The Washington Post investigation also noted that both journalists passed through Israeli checkpoints on their way to the south early in the war and that Dahdouh had been approved to leave Gaza—“a rare privilege unlikely to have been granted to a known militant.”

  • Yaser Murtaja, a photojournalist for Gaza-based media production company Ain Media killed by Israeli fire in 2018, was labeled by then-Defense Minister Avigdor Liberman as “a member of the military arm of Hamas who holds a rank parallel to that of captain, who was active in Hamas for many years”—a claim repeated on Twitter, now called X, by two spokespeople for Israeli Prime Minister Benjamin Netanyahu.
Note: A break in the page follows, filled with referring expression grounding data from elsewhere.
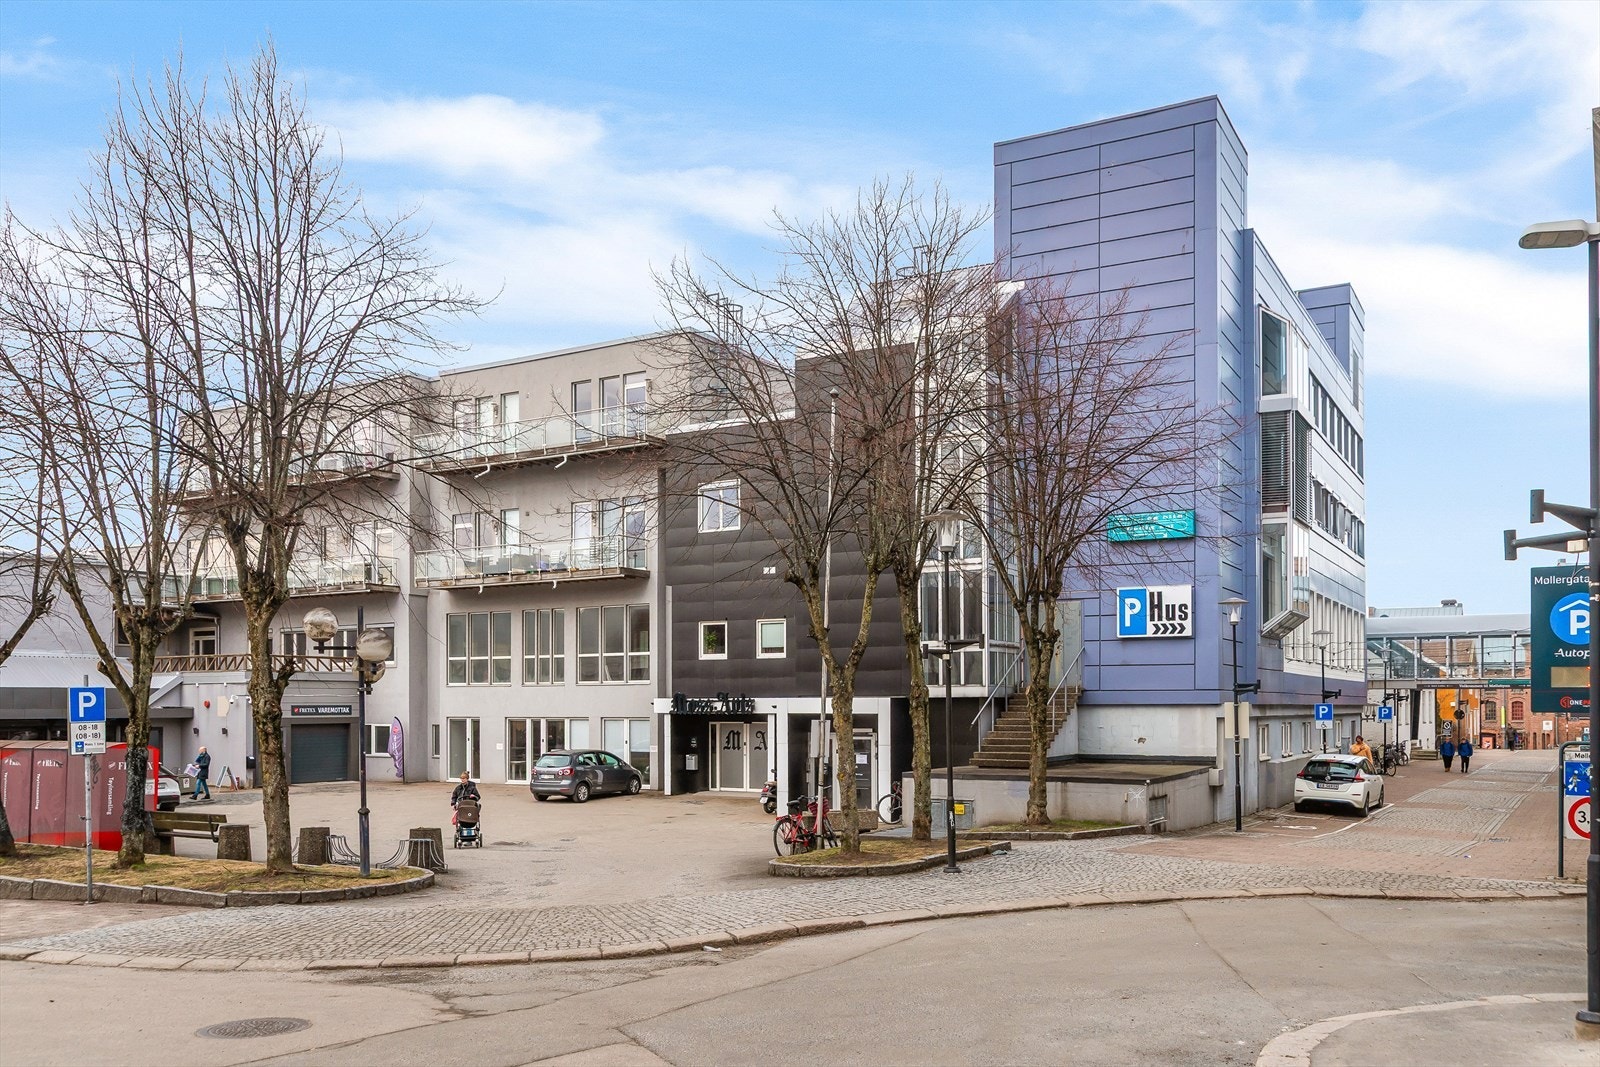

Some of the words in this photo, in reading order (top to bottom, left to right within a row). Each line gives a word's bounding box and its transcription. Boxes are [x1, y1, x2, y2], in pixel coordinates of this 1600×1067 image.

[1534, 575, 1590, 585] Møllergata
[1124, 597, 1142, 627] P
[1149, 591, 1188, 622] Hus
[1557, 648, 1590, 659] Autop
[78, 691, 97, 718] P
[1319, 705, 1329, 718] P
[1381, 708, 1389, 718] P
[723, 729, 742, 750] M
However, Liberman never provided evidence, and The Washington Post reported that Murtaja had been vetted by the U.S. government to receive a U.S. Agency for International Development grant to support Ain Media.
  • Hussam Salama and Mahmoud al-Kumi, camera operators for Al-Aqsa TV killed in 2012, were said by Israel to be “Hamas operatives.” A Human Rights Watch investigation found no proof that the two were militants, noting that Hamas did not publish their names in its list of fighters killed. After CPJ called for evidence to justify the attack, the spokesperson for the Israeli embassy in Washington, D.C., responded two months later with a letter accusing Al-Aqsa TV of “glorifying death and advocating violence and murder.”
  • Hamid Shihab, a driver for the Gaza-based press agency Media 24, was said by Israel to have been transporting weapons in a car marked “TV” when he was killed in an IDF airstrike in 2014. The IDF provided no evidence that Shihab was a member of Hamas, saying that “in light of the military use made of the vehicle for the purposes of transporting weaponry, the marking of the vehicle did not alter the lawfulness of the strike.” 
  • Mohamed Abu Halima, a student journalist for a radio station at Nablus’ An-Najah National University, was fatally shot by Israeli forces in 2004. Israel said he had opened fire on Israeli forces, but Abu Halima’s producer said that he was on the phone with the journalist moments before he was shot, and Abu Halima had been simply describing the scene around him. 

In the current war, CPJ has documented the killings of 113 journalists and media workers as of August 14, 2024. A total of 111—109 Palestinians and two Lebanese journalists—have been killed by Israeli forces, while two Israeli journalists were killed by Hamas in their October 7 raid into Israel.

CPJ calls for independent access to Gaza, investigations, an end to smears

CPJ has repeatedly called on Israel to end its ban on international journalists traveling independently into Gaza—an obstruction that hinders reporting on the war and investigations into the killing of Palestinian journalists.

CPJ now also calls on Israel to:

  • Immediately stop its long-standing practice of labeling journalists as terrorists or engaging in militant activity, without providing sufficient and reliable evidence to support these claims, as a means of justifying its targeted killing and wider mistreatment of journalists and media workers. 
  • Retract claims if it cannot substantiate accusations that journalists were involved in terrorist/militant activities.

CPJ also calls on the international community to condemn Israel’s smear campaign against journalists and to ensure that allegations of war crimes or international human rights abuses committed against journalists are investigated in accordance with internationally accepted practices, such as the Minnesota Protocol. The protocol establishes that under international law, the duty to investigate a potentially unlawful death entails an obligation that the investigation be prompt; effective and thorough; independent and impartial; and transparent. 

(Editor’s note: The 13th paragraph of this statement has been updated to clarify the source of the allegations against Hamid Shihab.)